All that good food in his belly. Too rich. Too much. Too quickly. But he’d kept it down, and could feel the strength storing in his arms and legs, and soon he’d want more. That was the problem with the human machine, constant refuelling to ensure smooth operation. It was inefficient, no better than a guttering fire down in the belly turning cogs and rotary teeth, keeping legs lifting, feet planting one after another in a forward motion, keeping bones reaching out for contact and solace and reason.

Lighting the lantern next to his bed, he resisted holding it up to make a mirror out of the black window. What if he saw an old man looking back at him, the dried skin under his chin turned to a hen’s wattle, the blue circling out of his eyes as if down a drain, splotches on his skin? What if he didn’t recognize himself at all?

Quietly he stole out of his room and descended the stairs, palm to the wall for support. The floor in the kitchen popped under his feet. The stove in the corner groaned in the shadows, remembering heat.

The night air called to him. The outside door was well oiled and didn’t squeak. He shut it softly and padded across the road in his bare feet to the neighbour’s yard. The grass protested gently as he walked, the ground no match for his hard and gnarled feet.

Drawn to the golden glow of the neighbours window, he stopped beneath the tree in the yard, suddenly afraid to look inside the window. People don’t do this sort of thing, peeping in windows. They let other people alone. More than that, he worried he might be better off not knowing what the neighbour was doing inside. Better to keep his innocent notions intact.

It struck him how open and vulnerable he was, standing before the golden window.

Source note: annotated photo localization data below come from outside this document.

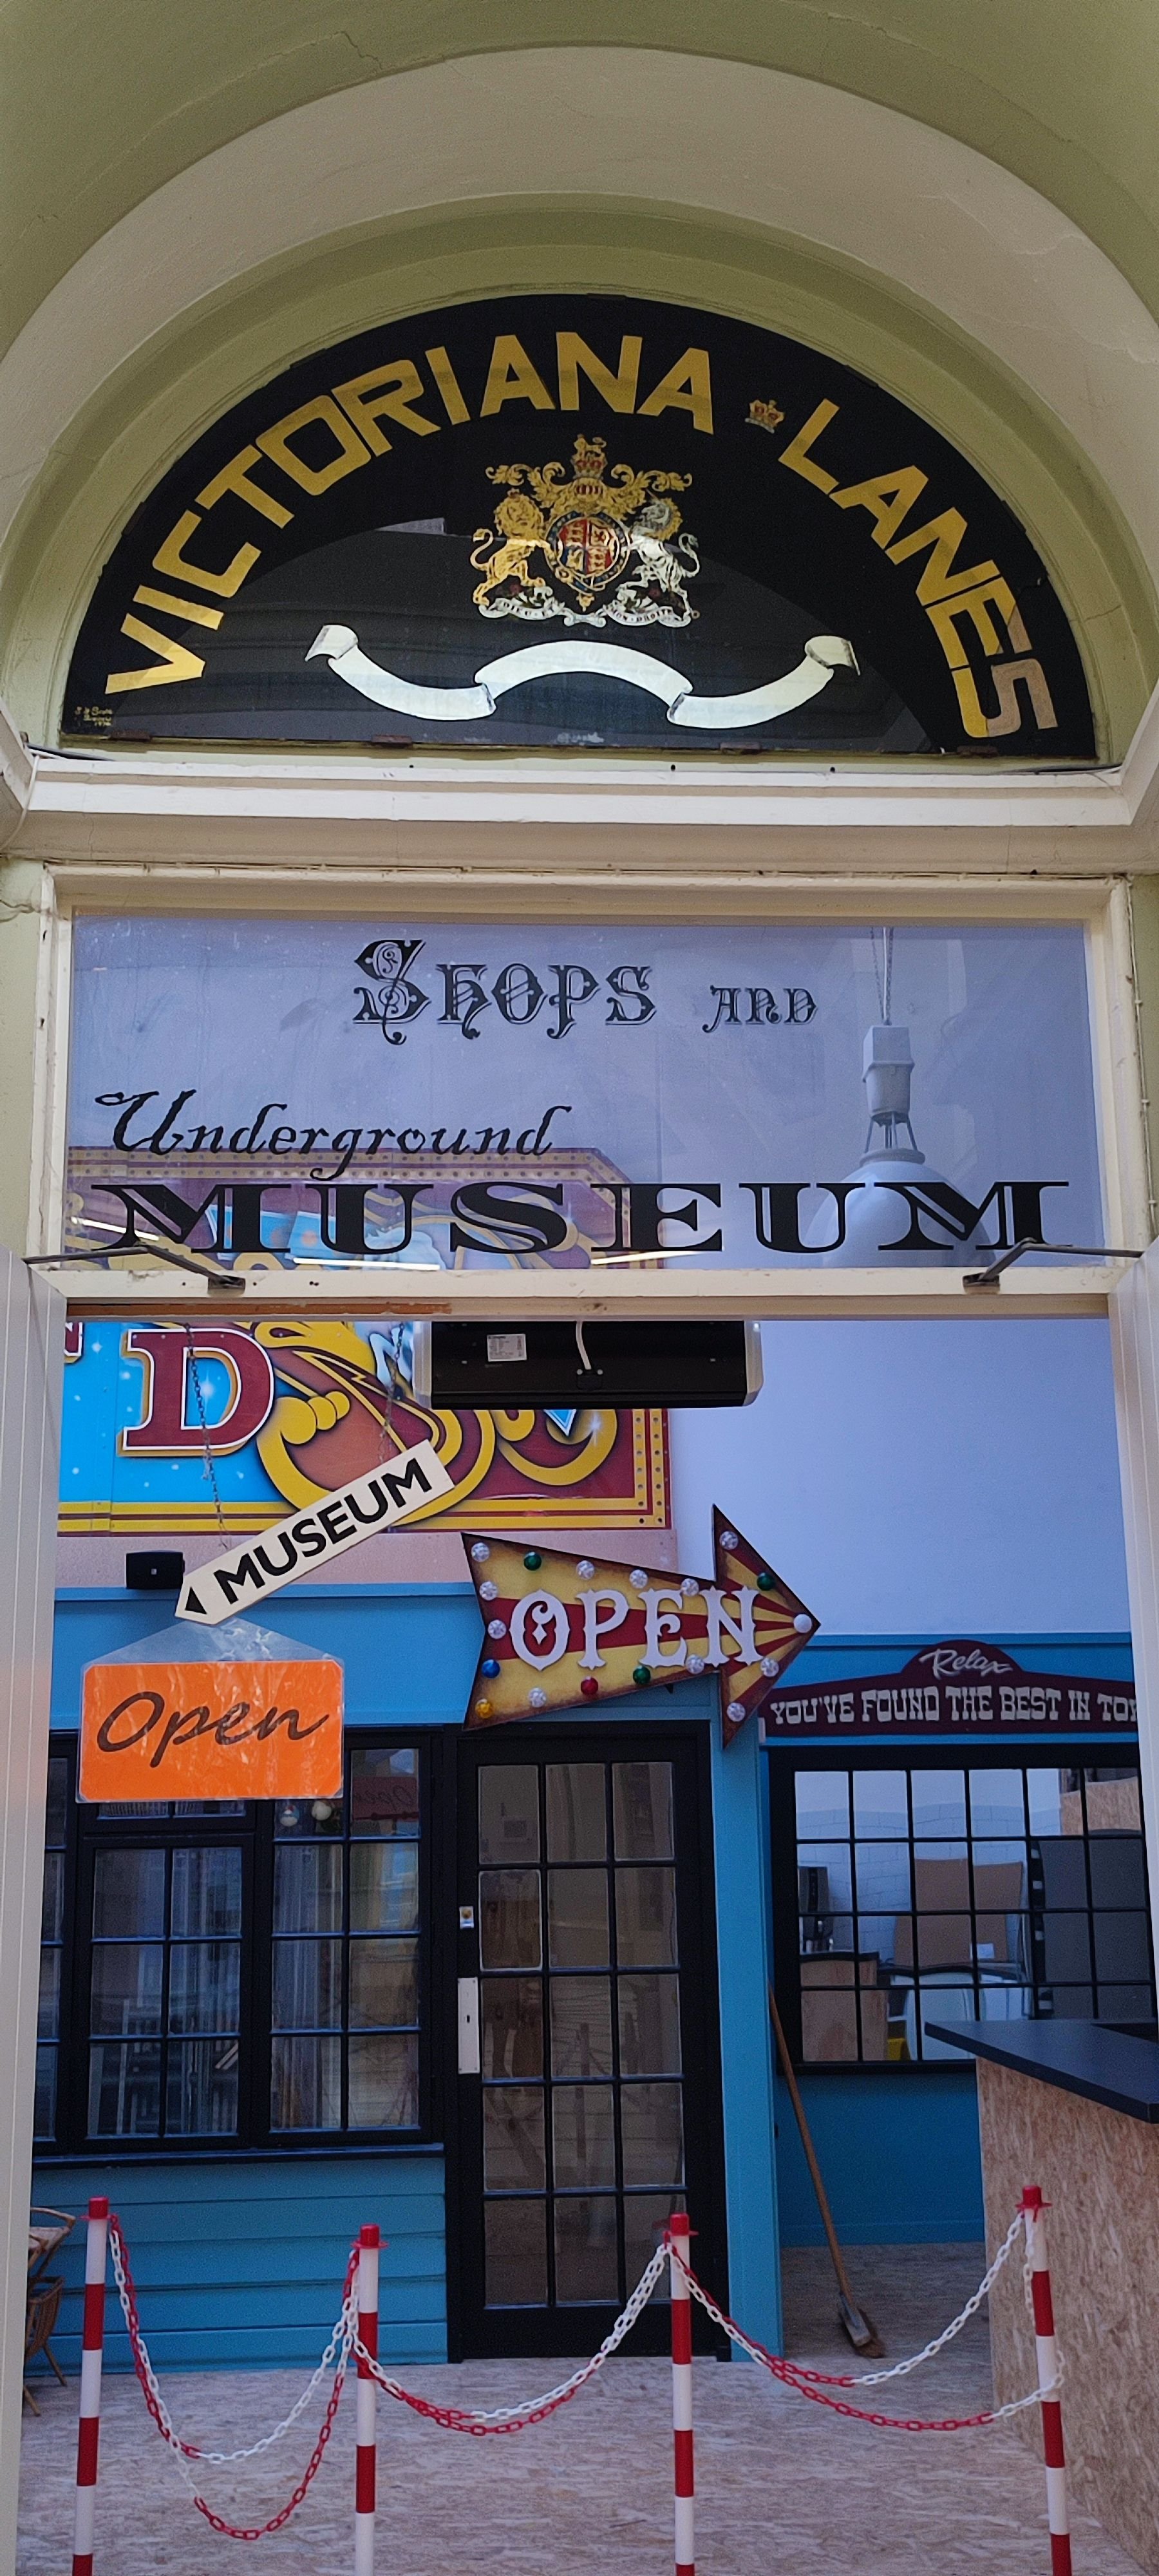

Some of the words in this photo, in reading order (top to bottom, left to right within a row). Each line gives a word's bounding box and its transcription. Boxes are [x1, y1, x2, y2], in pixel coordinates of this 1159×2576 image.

[105, 331, 715, 695] VICTORIANA
[778, 397, 1058, 738] LANES
[94, 1088, 572, 1180] Underground
[91, 1180, 1072, 1255] MUSEUM
[214, 1457, 433, 1604] MUSEUM
[509, 1586, 765, 1671] OPEN
[919, 1648, 1013, 1680] Relax
[97, 1690, 330, 1768] Open
[770, 1692, 854, 1725] YOU'VE
[861, 1686, 940, 1722] FOUND
[945, 1685, 994, 1721] THE
[999, 1685, 1062, 1721] BEST
[1068, 1689, 1091, 1721] IN
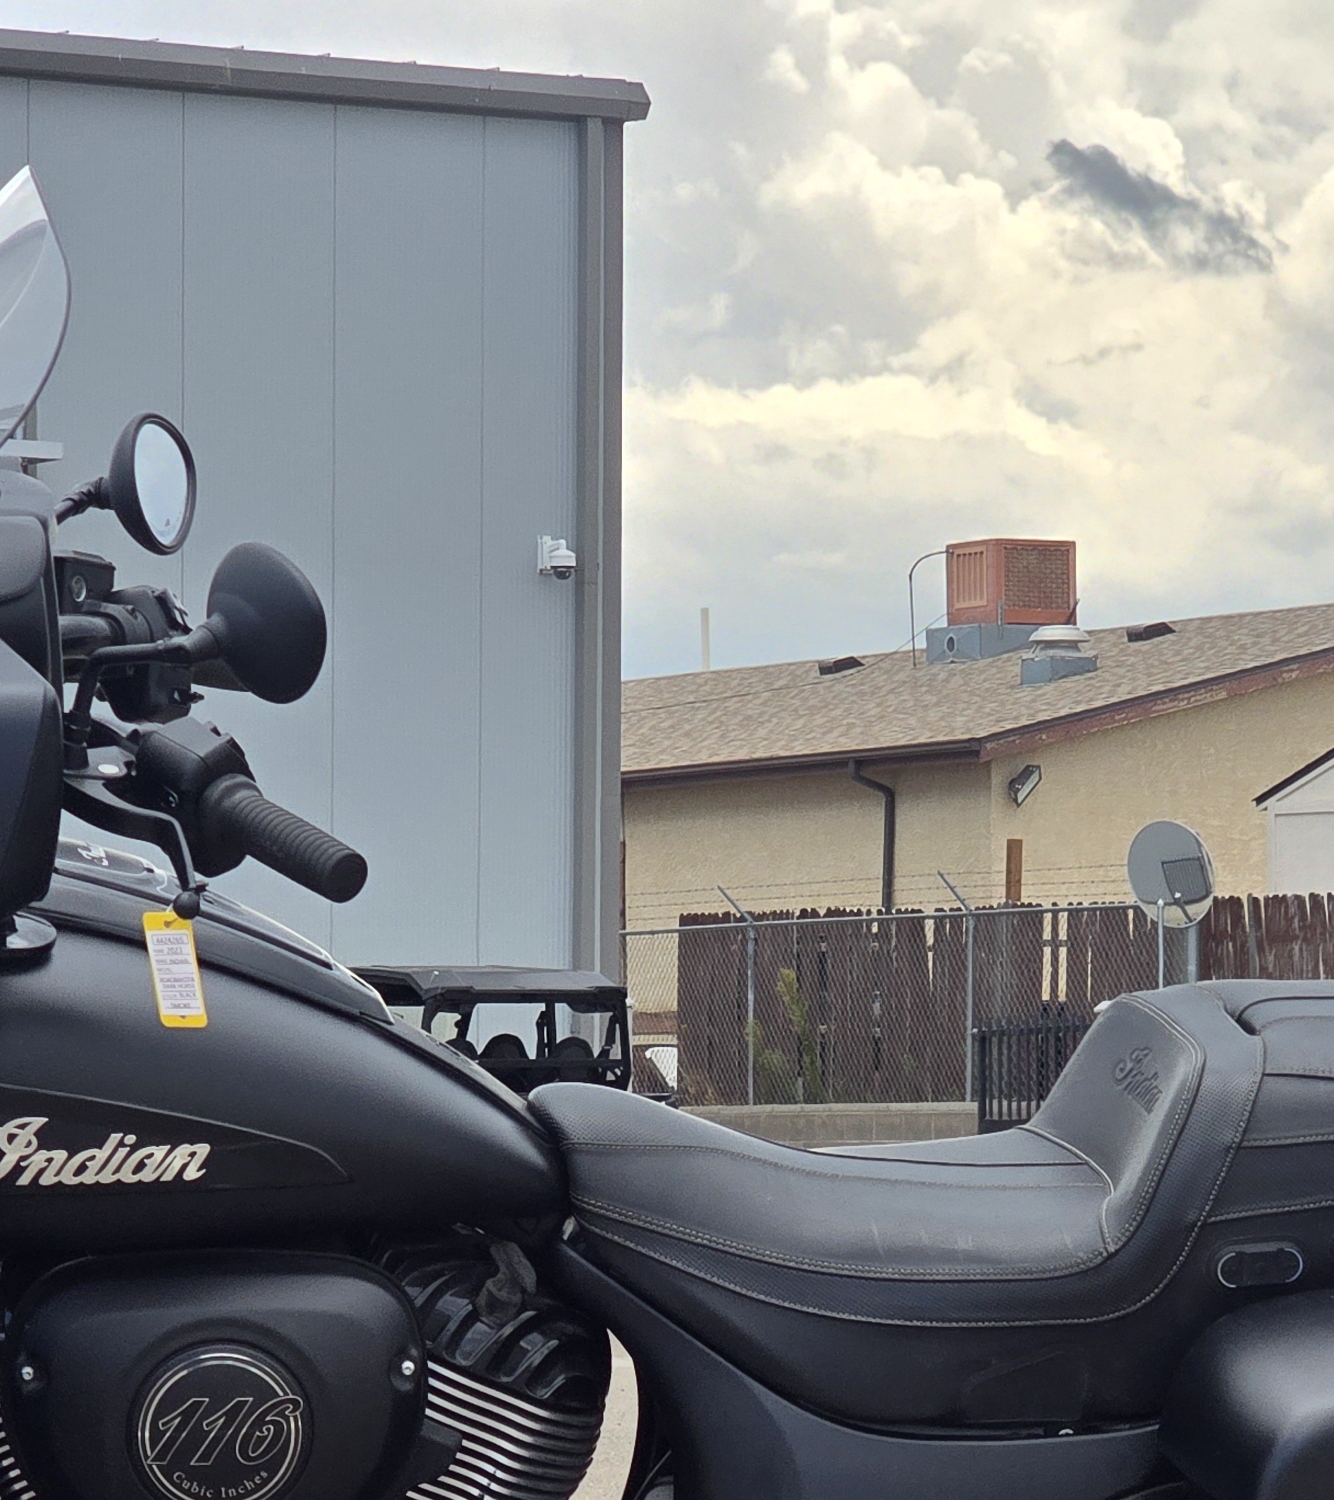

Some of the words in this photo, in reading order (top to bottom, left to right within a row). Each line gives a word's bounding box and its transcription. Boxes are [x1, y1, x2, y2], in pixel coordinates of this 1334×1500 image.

[147, 1395, 304, 1466] 116
[172, 1471, 214, 1498] Cubic
[221, 1470, 269, 1499] Inches
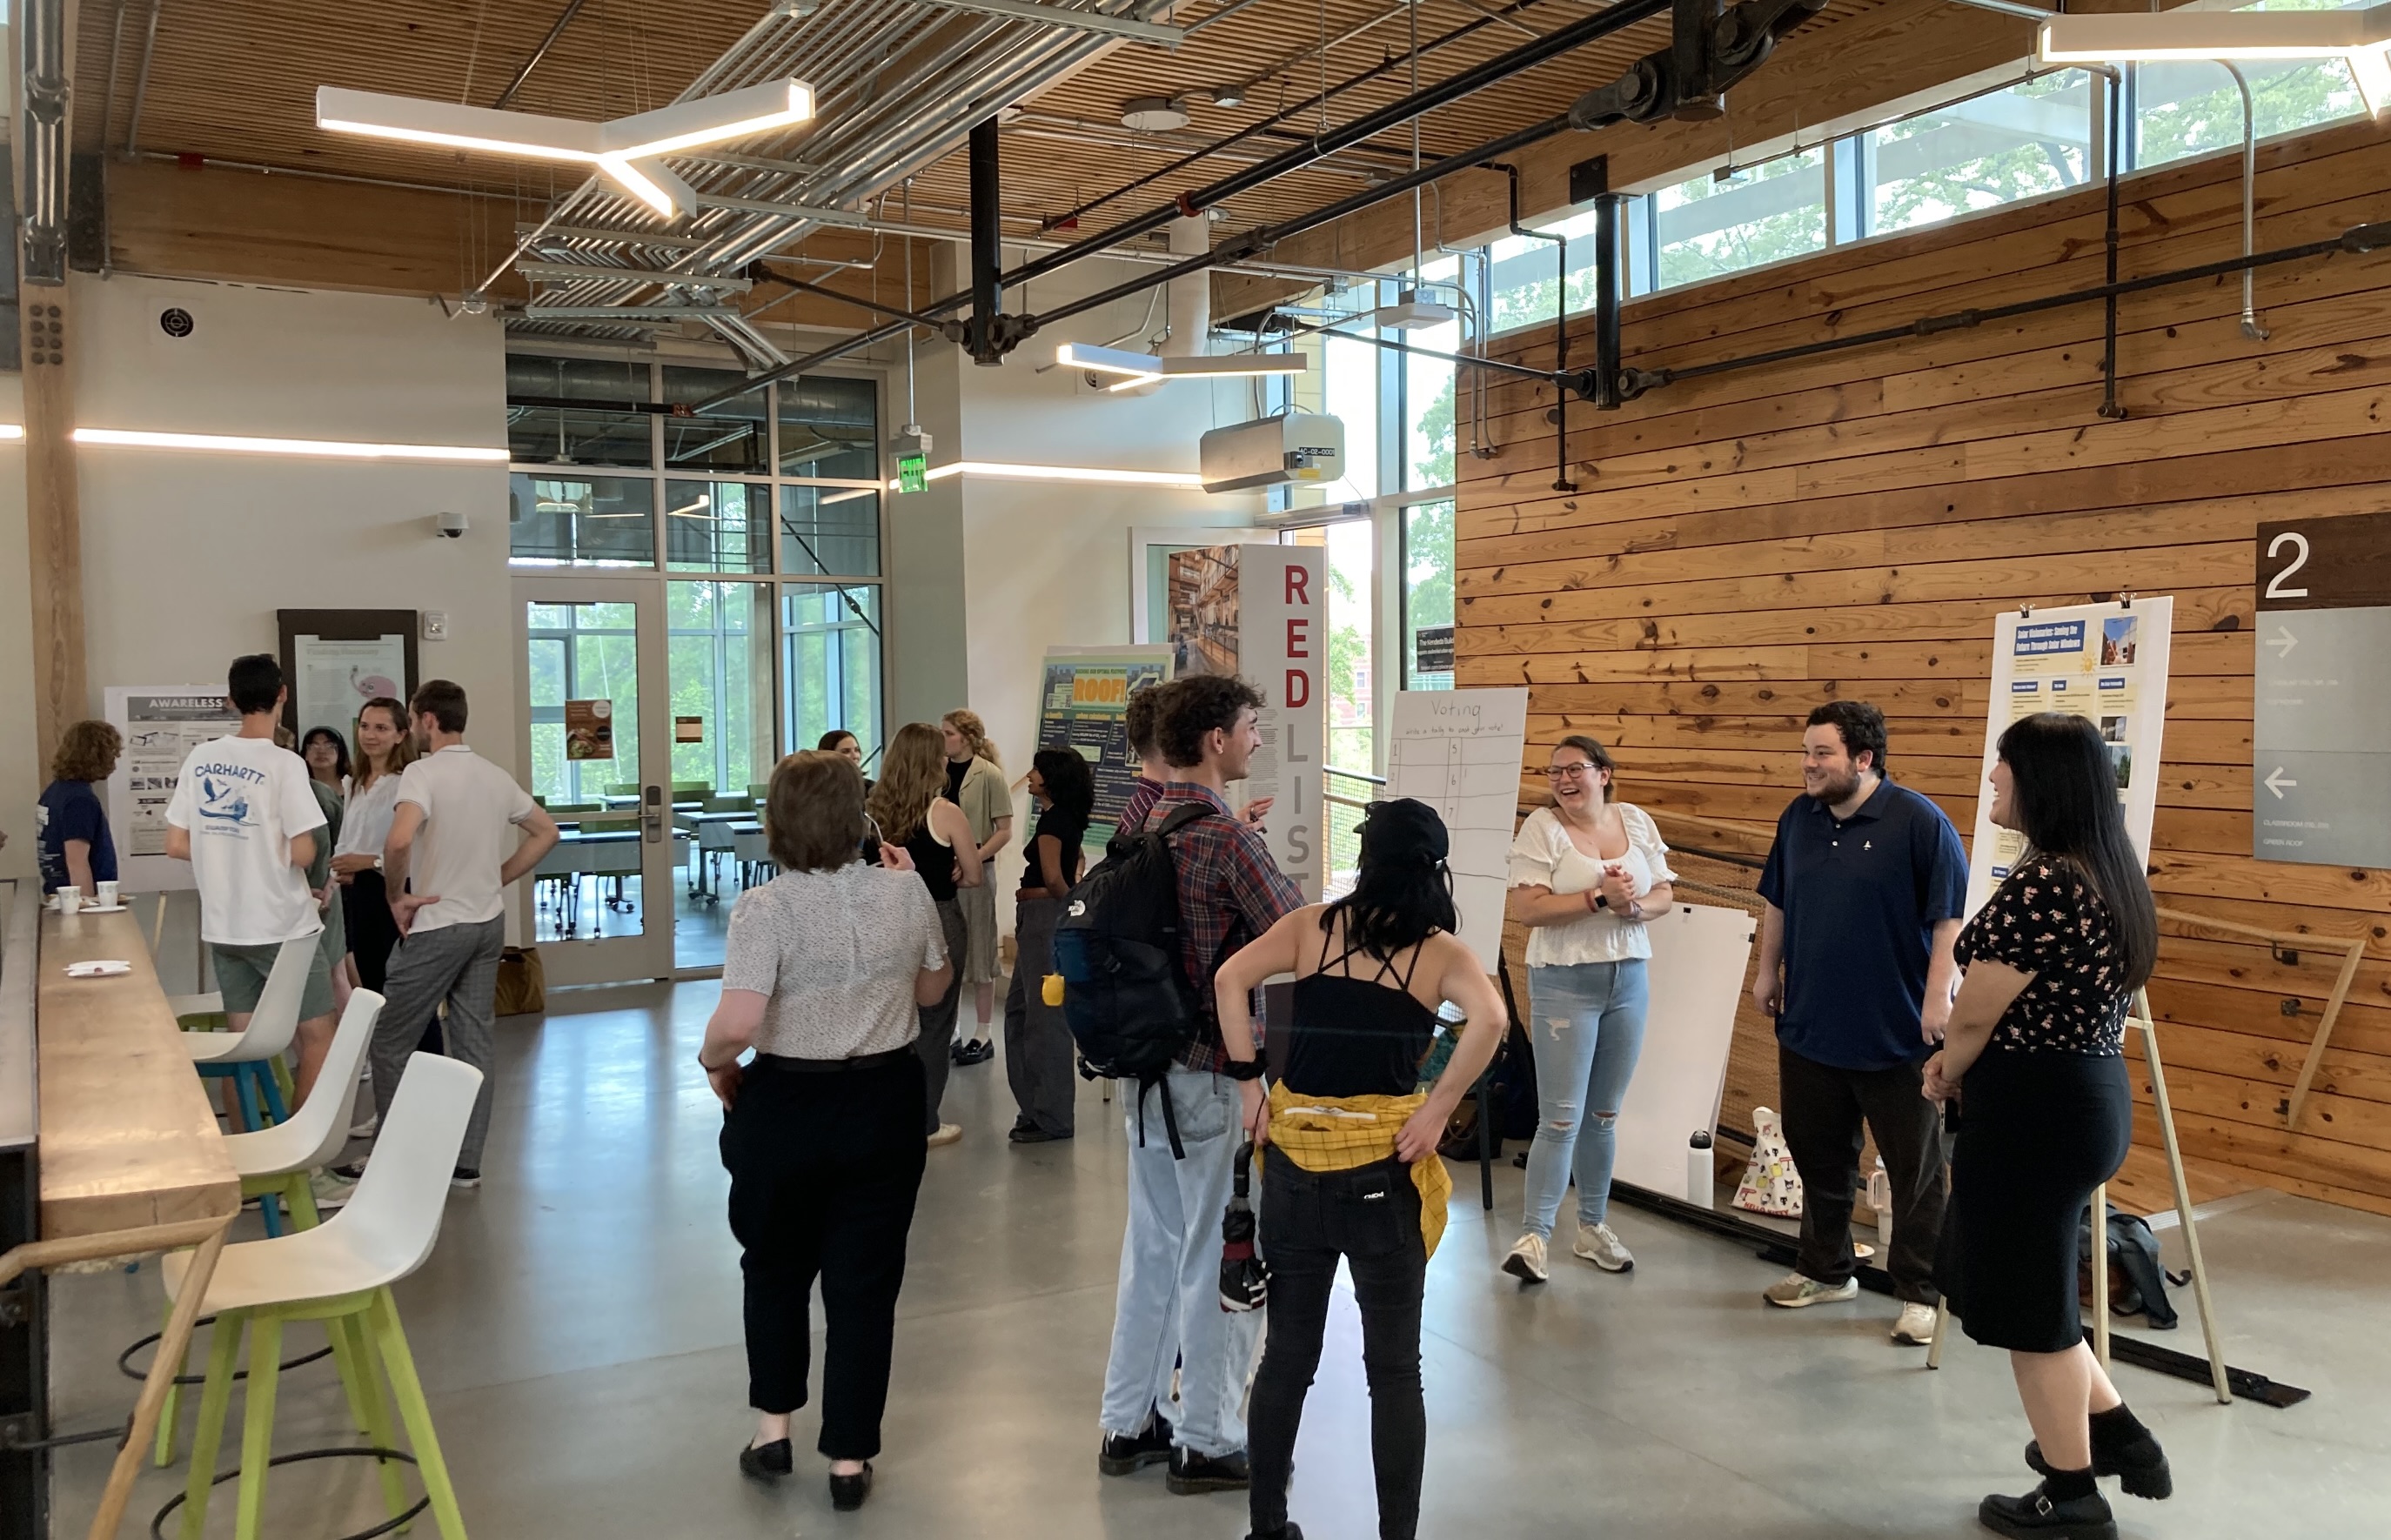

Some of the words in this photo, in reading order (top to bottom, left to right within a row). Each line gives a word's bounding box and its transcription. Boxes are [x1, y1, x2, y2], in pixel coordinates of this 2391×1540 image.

[2265, 532, 2309, 599] 2
[1285, 565, 1309, 708] RED
[1073, 678, 1127, 702] ROOF!
[149, 699, 223, 708] AWARELESS
[1431, 700, 1481, 729] Voting
[1431, 726, 1444, 736] tally
[1393, 744, 1397, 756] 1
[1452, 745, 1457, 753] 5
[195, 763, 265, 784] CARHARTT
[1390, 773, 1395, 781] 2
[1451, 773, 1457, 785] 6
[1449, 807, 1454, 818] 7
[1744, 1202, 1765, 1213] HELLO

He wondered what the neighbour would think if he looked outside to find a strange man standing in his yard. He could only think he’d have to explain how he was admiring his treasures, and ask his pardon to linger in his dark garden while. He didn’t think, if pressed, the neighbour could disagree with any of that.

He bent down and felt the grass with his fingertips. Looking up, the branches of the tree were gnarled and thin, lacking a lush head of leaves. The Messenger palmed the tree’s trunk and felt it drink the moisture from his fingertips. Tree. Are you a lost signal like me? Do you regret putting down roots here?

The tree didn’t have an answer, and the Messenger looked up at the neighbour’s window an instant before the light winked out, knowing somehow that it would.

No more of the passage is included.